3.わたしたちは、常に聖潔を追い求める必要があります。それが神の御心だからです。聖潔を求める必要はないと思った瞬間から、信仰の後退が始まります。すべてのキリスト者は、信徒か教職かを問わず、信仰の後退の危険性を持っています。だからこそイエスは「御名によって彼らをお守りください」と祈られたのです。
4.イエスは、「霊と心と体とが守られるように」という全人格的な守りの祈りを、わたしたちのためにささげてくださっています。霊(プネウマ)は、神に向けられた生命の根源。心(プシュケー)は、知性・感情・意志という、生まれながらの命。体(ソーマ)は、身体です。
5.現代社会は、人間存在の全人格的なバランスの回復を必要としています。ウェスレアン・ホーリネスが強調する「聖潔」はまさに、神の御手の中で守られて全人格的に回復される人間という、バランスがとれた霊性です。

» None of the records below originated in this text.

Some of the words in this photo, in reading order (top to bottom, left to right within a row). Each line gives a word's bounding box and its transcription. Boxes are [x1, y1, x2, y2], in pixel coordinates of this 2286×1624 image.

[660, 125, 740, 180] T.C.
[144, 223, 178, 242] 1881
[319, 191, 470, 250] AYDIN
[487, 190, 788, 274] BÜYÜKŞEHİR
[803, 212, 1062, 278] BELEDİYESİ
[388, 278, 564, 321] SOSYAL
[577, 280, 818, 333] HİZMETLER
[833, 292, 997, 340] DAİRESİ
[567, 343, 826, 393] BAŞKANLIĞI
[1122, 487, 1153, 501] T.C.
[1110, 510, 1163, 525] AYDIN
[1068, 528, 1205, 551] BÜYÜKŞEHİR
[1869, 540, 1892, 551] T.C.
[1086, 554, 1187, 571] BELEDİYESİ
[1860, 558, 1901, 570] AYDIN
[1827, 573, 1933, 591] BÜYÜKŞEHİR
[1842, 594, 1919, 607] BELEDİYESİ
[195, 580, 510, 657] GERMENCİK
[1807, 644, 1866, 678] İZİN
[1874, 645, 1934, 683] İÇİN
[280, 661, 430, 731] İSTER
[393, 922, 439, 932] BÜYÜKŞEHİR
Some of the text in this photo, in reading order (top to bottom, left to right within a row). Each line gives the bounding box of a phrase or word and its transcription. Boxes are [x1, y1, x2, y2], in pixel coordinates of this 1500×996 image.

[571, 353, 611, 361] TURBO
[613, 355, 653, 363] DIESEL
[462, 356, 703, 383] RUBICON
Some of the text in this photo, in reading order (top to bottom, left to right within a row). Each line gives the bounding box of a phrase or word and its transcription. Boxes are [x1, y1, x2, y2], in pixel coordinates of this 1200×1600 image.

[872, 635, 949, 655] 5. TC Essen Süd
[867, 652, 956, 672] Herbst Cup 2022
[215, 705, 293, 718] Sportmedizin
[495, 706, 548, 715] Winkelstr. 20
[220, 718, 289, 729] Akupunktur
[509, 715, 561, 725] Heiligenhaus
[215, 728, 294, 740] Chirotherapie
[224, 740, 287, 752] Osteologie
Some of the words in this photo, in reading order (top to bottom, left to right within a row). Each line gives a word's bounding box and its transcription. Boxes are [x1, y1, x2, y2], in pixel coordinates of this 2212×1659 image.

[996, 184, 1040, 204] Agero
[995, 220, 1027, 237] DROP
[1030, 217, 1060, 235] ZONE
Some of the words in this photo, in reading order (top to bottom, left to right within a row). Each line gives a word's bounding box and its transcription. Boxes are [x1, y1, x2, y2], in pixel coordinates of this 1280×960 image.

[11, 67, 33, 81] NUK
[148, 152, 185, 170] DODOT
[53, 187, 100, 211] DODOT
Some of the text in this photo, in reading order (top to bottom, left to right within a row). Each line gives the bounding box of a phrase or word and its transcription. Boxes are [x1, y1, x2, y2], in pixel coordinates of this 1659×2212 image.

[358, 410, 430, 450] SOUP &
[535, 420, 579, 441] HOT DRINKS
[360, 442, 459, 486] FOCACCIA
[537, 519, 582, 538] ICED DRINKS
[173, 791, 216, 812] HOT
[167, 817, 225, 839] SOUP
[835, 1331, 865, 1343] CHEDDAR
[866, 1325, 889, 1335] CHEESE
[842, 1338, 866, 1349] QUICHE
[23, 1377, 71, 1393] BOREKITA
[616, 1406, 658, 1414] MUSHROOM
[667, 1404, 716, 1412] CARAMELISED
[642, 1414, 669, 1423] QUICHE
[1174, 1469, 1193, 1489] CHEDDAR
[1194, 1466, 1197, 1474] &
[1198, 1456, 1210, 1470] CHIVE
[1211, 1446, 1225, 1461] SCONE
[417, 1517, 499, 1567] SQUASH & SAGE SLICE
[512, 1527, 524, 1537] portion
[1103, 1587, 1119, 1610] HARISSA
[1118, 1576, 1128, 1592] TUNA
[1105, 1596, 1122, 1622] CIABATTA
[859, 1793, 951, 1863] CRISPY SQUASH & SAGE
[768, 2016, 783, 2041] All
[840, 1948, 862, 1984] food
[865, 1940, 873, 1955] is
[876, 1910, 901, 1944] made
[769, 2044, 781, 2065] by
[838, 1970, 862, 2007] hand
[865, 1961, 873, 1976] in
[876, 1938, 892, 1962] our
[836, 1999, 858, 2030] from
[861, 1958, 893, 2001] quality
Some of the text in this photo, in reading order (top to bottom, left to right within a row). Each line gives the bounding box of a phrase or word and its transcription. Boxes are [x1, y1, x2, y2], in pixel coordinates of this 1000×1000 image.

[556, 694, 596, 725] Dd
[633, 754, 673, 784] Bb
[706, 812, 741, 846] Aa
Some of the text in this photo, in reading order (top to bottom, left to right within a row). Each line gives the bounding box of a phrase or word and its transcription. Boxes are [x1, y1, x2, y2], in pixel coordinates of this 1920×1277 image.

6.1965年にロンドンで開催された救世軍百年祭で、カンタベリー大司教は、「すべての救世軍人は、驚くべき喜悦の賜物を有している。わたしは、陰気な救世軍人というものを見たことがない」とスピーチしました。バランスが回復された人間存在を特長づけるひとつが、「喜び」です。
7.聖潔は、自分の力で得られません。それは、まったく神の恵みによって与えられる賜物なのです。パウロは、自分の弱さを知るゆえに、聖潔の中に自分が保たれるよう、他者による祈りの支えを求めました。わたしたちも、自分の聖潔、お互いの聖潔のために、祈り求めて行きましょう。